Dacia (, ; ) was the land inhabited by the Dacians, its core in Transylvania, stretching to the Danube in the south, the Black Sea in the east, and the Tisza in the west. The Carpathian Mountains were located in the middle of Dacia. It thus roughly corresponds to the present-day countries of Romania, as well as parts of Moldova, Bulgaria, Serbia, Hungary, Slovakia, and Ukraine.

A Dacian kingdom of variable size existed between 82 BC until the Roman conquest in AD 106, reaching its height under King Burebista. As a result of the two wars with Emperor Trajan, the population was dispersed and the central city, Sarmizegetusa Regia, was destroyed by the Romans, but was rebuilt by the latter to serve as the capital of the Roman province of Dacia. A group of "Free Dacians," may have remained outside the Roman Empire in the territory of modern-day Northern Romania until the start of the Migration Period.

Nomenclature 

The Dacians are first mentioned in the writings of the Ancient Greeks, in Herodotus (Histories Book IV XCIII: "[Getae] the noblest as well as the most just of all the Thracian tribes") and Thucydides (Peloponnesian Wars, Book II: "[Getae] border on the Scythians and are armed in the same manner, being all mounted archers"). Some historians argue that Daxia (mentioned in 3rd century BC) was the previous home of Indo-Iranian nomads who later came to form the Geto-Dacian people.

Geography 

The extent and location of Dacia varied in its three distinct historical periods (see below):

Periods

1st century BC 
The Dacia of King Burebista (82–44 BC) stretched from the Black Sea to the source of the river Tisza and from the Balkan Mountains to Bohemia. During that period, the Getae and Dacians conquered a wider territory and Dacia extended from the Middle Danube to the Black Sea littoral (between Apollonia and Pontic Olbia) and from the Northern Carpathians to the Balkan Mountains. In 53 BC, Julius Caesar stated that the lands of the Dacians started on the eastern edge of the Hercynian (Black) Forest. After Burebista's death, his kingdom fell apart.

1st century AD 
Strabo, in his Geography written around AD 20, says:

″As for the southern part of Germany beyond the Albis, the portion which is just contiguous to that river is occupied by the Suevi; then immediately adjoining this is the land of the Getae, which, though narrow at first, stretching as it does along the Ister [Danube] on its southern side and on the opposite side along the mountain-side of the Hercynian [Black] Forest (for the land of the Getae also embraces a part of the mountains), afterwards broadens out towards the north as far as the Tyregetae; but I cannot tell the precise boundaries″

On this basis, Lengyel and Radan (1980), Hoddinott (1981) and Mountain (1998) consider that the Geto-Dacians inhabited both sides of the Tisza river prior to the rise of the Celtic Boii, and again after the latter were defeated by the Dacians. The hold of the Dacians between the Danube and Tisza was tenuous. However, the archaeologist Parducz argued a Dacian presence west of the Tisa dating from the time of Burebista. According to Tacitus (AD 56–117) Dacians bordered Germania in the south-east, while Sarmatians bordered it in the east.
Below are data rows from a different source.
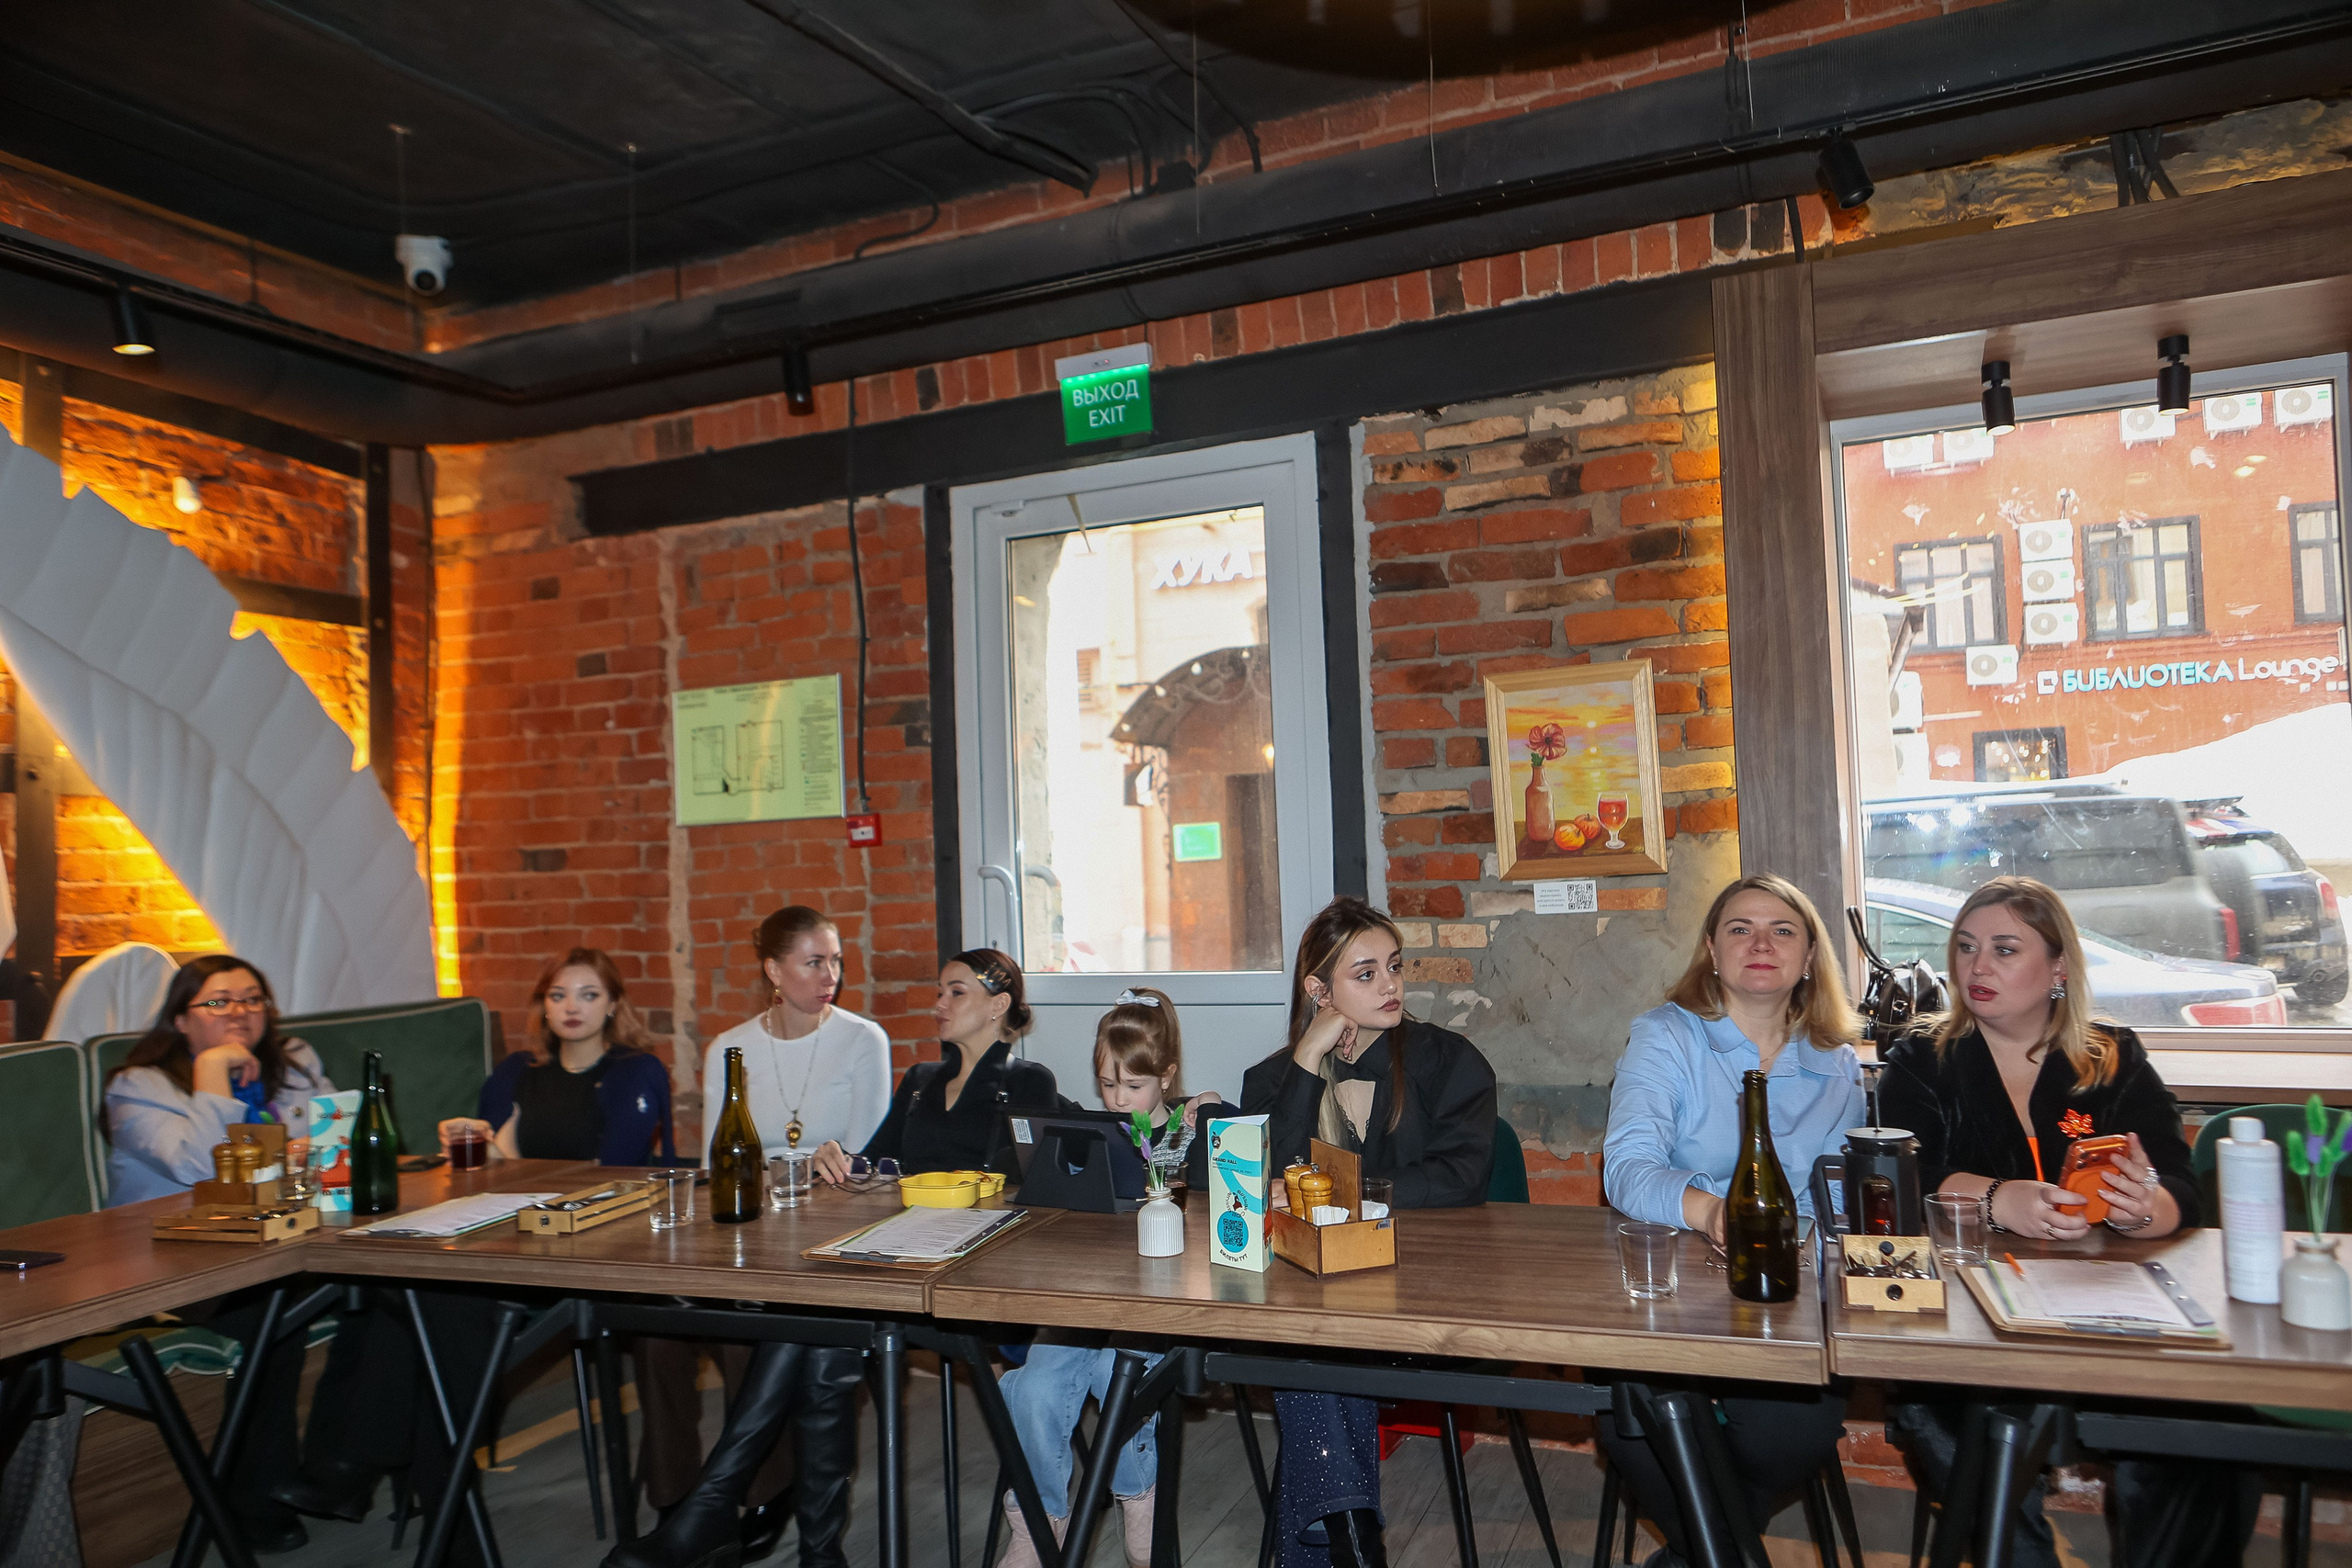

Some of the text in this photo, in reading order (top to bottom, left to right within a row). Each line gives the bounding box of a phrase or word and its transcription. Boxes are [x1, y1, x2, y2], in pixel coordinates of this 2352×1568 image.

[1072, 378, 1139, 407] ВЫХОД
[1089, 405, 1125, 427] EXIT
[1150, 548, 1253, 590] ХУКА
[2063, 656, 2339, 693] БИБЛИОТЕКА Lounge
[1219, 1248, 1248, 1262] БИЛЕТЫ ТУТ
In the 1st century AD, the Iazyges settled West of Dacia, on the plain between the Danube and the Tisa rivers, according to the scholars' interpretation of Pliny's text: "The higher parts between the Danube and the Hercynian Forest (Black Forest) as far as the winter quarters of Pannonia at Carnutum and the plains and level country of the German frontiers there are occupied by the Sarmatian Iazyges, while the Dacians whom they have driven out hold the mountains and forests as far as the river Theiss".

2nd century AD 

Written a few decades after Emperor Trajan's Roman conquest of parts of Dacia in AD 105–106, Ptolemy's Geographia included the boundaries of Dacia. According to the scholars' interpretation of Ptolemy (Hrushevskyi 1997, Bunbury 1879, Mocsy 1974, Bărbulescu 2005) Dacia was the region between the rivers Tisza, Danube, upper Dniester, and Siret. Mainstream historians accept this interpretation: Avery (1972) Berenger (1994) Fol (1996) Mountain (1998), Waldman Mason (2006).
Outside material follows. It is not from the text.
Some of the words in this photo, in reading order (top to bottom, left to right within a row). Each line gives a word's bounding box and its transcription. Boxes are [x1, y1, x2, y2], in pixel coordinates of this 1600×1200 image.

Ptolemy also provided a couple of Dacian toponyms in south Poland in the Upper Vistula (Polish: Wisla) river basin: Susudava and Setidava (with a manuscript variant Getidava). This could have been an "echo" of Burebista's expansion. It seems that this northern expansion of the Dacian language, as far as the Vistula river, lasted until AD 170–180 when the migration of the Vandal Hasdingi pushed out this northern Dacian group. This Dacian group, possibly the Costoboci/Lipița culture, is associated by Gudmund Schütte with towns having the specific Dacian language ending "dava" i.e. Setidava.

The Roman province Dacia Traiana, established by the victors of the Dacian Wars during AD 101–106, initially comprised only the regions known today as Banat, Oltenia, Transylvania, and was subsequently gradually extended to southern parts of Moldavia, while Dobruja and Budjak belonged to the Roman province of Moesia.
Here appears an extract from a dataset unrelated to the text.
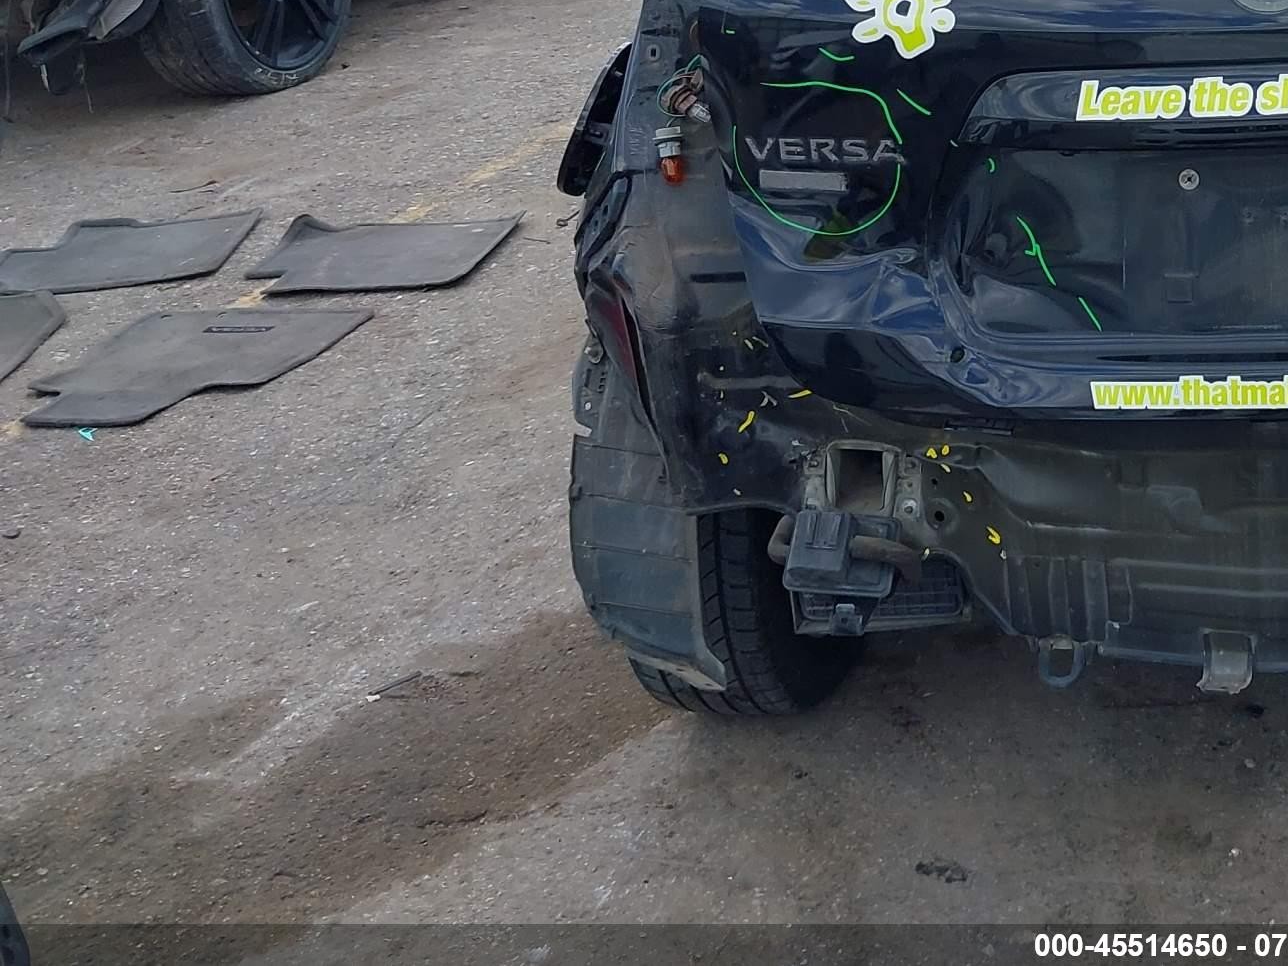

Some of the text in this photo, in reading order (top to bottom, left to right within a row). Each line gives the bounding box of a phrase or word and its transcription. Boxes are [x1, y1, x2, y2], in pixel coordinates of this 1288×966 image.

In the 2nd century AD, after the Roman conquest, Ptolemy puts the eastern boundary of Dacia Traiana (the Roman province) as far east as the Hierasus (Siret) river, in the middle of modern Romania. Roman rule extended to the south-western area of the Dacian Kingdom (but not to what later became known as Maramureş), to parts of the later Principality of Moldavia east of the Siret and north of the Upper Trajan Wall, and to areas in modern Muntenia and Ukraine, except the Black Sea shore.

After the Marcomannic Wars (AD 166–180), Dacian groups from outside Roman Dacia had been set in motion. So were the 12,000 Dacians "from the neighbourhood of Roman Dacia sent away from their own country". Their native country could have been the Upper Tisa region, but other places cannot be excluded.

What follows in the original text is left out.